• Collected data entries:
—————
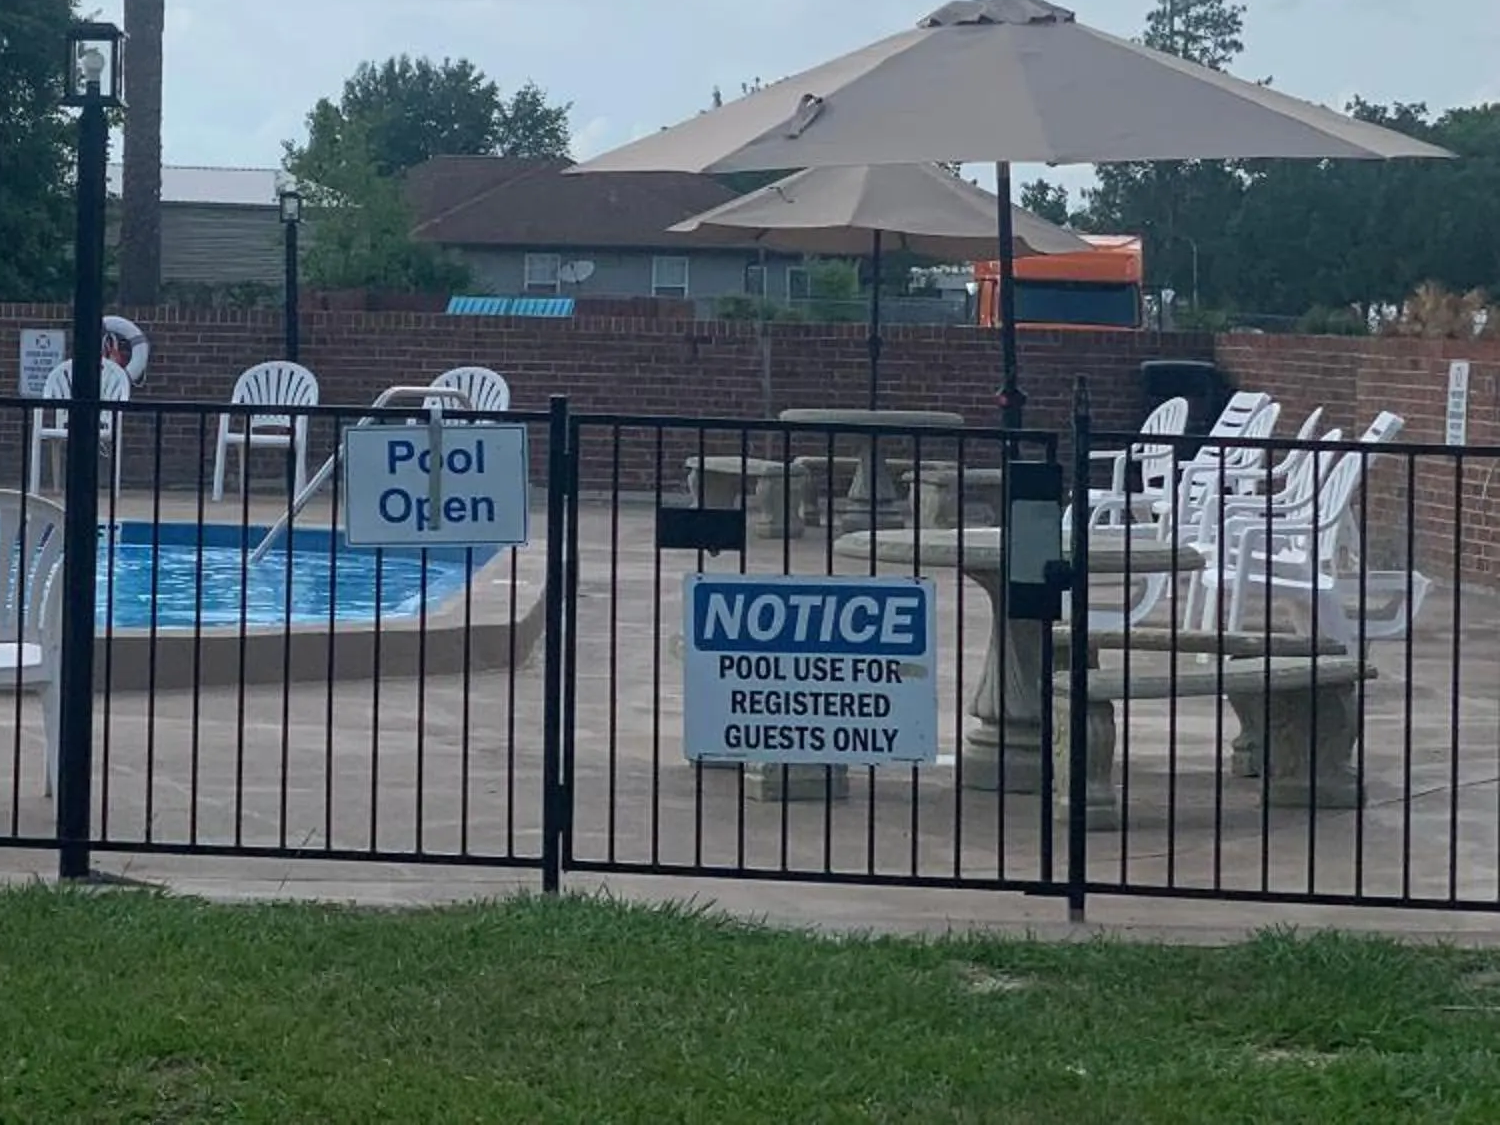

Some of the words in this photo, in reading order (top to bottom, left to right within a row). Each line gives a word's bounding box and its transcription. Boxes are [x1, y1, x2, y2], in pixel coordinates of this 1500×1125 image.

[387, 439, 485, 475] Pool
[378, 488, 495, 532] Open
[703, 592, 920, 644] NOTICE
[719, 655, 787, 680] POOL
[794, 657, 845, 682] USE
[852, 658, 903, 684] FOR
[731, 691, 891, 718] REGISTERED
[724, 724, 826, 751] GUESTS
[833, 727, 899, 753] ONLY
—————
• Exercise instructions: Every line above should be copied exactly, apart from any pictures.

• Answer space:
Some of the words in this photo, in reading order (top to bottom, left to right within a row). Each line gives a word's bounding box and its transcription. Boxes are [x1, y1, x2, y2], in pixel coordinates of this 1500×1125 image.

[387, 439, 485, 475] Pool
[378, 488, 495, 532] Open
[703, 592, 920, 644] NOTICE
[719, 655, 787, 680] POOL
[794, 657, 845, 682] USE
[852, 658, 903, 684] FOR
[731, 691, 891, 718] REGISTERED
[724, 724, 826, 751] GUESTS
[833, 727, 899, 753] ONLY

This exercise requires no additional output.